Let’s face it, sometimes fieldwork just doesn’t go to plan. Thankfully, however, there’s an exciting new modelling solution, called MARSS, that allows users to investigate incomplete datasets caused by missing values. Join us as we talk to the scientists who have tested MARSS modelling using a 22-year-long TERN dataset.
Even the most organised scientists probably had moments when their fieldwork hasn’t gone to plan. Maybe you got caught in an unexpected storm, your equipment broke or maybe, like TERN in the Top End recently, a bushfire burnt your site or your car got bogged. The fact that the Twitter hashtag #FieldWorkFail exists is proof that these things happen, often.
So, you’ve got a gap in your long-term dataset that looks problematic. Thankfully, however, a new modelling solution, called MARSS (multivariate autoregressive state-space) models, allows users to investigate incomplete datasets caused by missing values.
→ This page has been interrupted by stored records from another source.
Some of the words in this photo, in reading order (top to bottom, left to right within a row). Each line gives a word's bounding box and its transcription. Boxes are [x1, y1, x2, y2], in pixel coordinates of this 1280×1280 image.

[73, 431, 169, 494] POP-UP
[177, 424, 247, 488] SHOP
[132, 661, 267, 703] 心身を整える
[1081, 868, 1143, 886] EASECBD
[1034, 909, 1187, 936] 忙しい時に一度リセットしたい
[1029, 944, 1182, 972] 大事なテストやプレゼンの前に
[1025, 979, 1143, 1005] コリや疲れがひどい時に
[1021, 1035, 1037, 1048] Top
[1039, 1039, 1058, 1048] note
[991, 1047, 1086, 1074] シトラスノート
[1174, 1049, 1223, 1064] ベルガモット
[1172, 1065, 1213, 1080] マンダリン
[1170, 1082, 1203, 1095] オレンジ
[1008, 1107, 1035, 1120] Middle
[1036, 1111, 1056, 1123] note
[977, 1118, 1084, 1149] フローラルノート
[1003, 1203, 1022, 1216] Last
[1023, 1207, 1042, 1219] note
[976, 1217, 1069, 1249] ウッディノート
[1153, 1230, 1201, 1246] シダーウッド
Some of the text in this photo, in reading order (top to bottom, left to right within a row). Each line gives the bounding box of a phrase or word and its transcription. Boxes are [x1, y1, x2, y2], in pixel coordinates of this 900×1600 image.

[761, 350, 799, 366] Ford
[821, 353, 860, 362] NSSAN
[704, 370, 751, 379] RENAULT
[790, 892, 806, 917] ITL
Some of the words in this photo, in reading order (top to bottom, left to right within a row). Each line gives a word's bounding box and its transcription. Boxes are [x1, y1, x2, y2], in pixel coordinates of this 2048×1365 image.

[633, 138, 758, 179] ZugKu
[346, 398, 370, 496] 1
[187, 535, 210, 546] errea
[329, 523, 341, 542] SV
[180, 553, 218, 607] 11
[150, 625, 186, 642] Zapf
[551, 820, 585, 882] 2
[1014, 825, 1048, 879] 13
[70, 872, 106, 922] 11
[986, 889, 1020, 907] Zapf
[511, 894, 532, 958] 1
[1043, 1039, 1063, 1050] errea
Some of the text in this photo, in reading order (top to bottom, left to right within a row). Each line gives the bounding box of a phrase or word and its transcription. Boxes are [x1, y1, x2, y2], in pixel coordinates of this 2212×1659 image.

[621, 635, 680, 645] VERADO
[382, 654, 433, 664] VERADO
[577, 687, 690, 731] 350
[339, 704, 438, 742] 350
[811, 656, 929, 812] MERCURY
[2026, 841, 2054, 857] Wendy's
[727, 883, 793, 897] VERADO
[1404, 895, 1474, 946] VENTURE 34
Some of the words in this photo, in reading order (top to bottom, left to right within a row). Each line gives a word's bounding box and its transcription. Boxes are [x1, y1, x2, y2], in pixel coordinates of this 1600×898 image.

“In contrast to traditional modelling techniques, such as generalised linear models that only estimate error from environmental stochasticity (process error), MARSS models estimate both process and observation errors,” write University of Sydney’s Desert Ecology Research Group (DERG) in their Australian Zoologist critique.
MARSS modelling illustrated using 22-year-long TERN dataset
To analyse its applicability for long-term ecological studies, the DERG team have applied MARSS modelling to one of TERN’s long-term animal and plant datasets that contains missing values and was collected by multiple observers.
“Using MARSS, we successfully showed the spatial dynamics of sub-populations of one plant and six animal species at nine widely separated TERN-supported research sites across the 8000 km2 study region in the Simpson Desert,” says Aaron Greenville, lead author of the paper.
“The models coped with up to five years of missing surveys from some sites and we were also able to discover the influence of drivers, such as rainfall and wildfire, on the populations.”
“MARSS models are definitely useful tools for interrogating long-term time-series data and offer a way of dealing with the inherent issues of undertaking long-term research, such as fieldwork problems and observer errors.”
Regular data collection AND modern stats tools
Despite this positive review, Aaron is cautious and stresses that such modelling techniques don’t mean that we can stop or reduce regular ecological surveys. “MARSS modelling is just another tool in the long-term ecologists’ toolkit,” says Aaron.
“Long-term studies that monitor populations, population drivers or environmental variables at multiple sites across decades coupled with modern statistical approaches will allow us to gain a particularly deep understanding of how ecosystems operate and respond to environmental change.”
“But, it’s nice to know that the MARSS technique is there waiting when that #FieldWorkFail moment strikes!”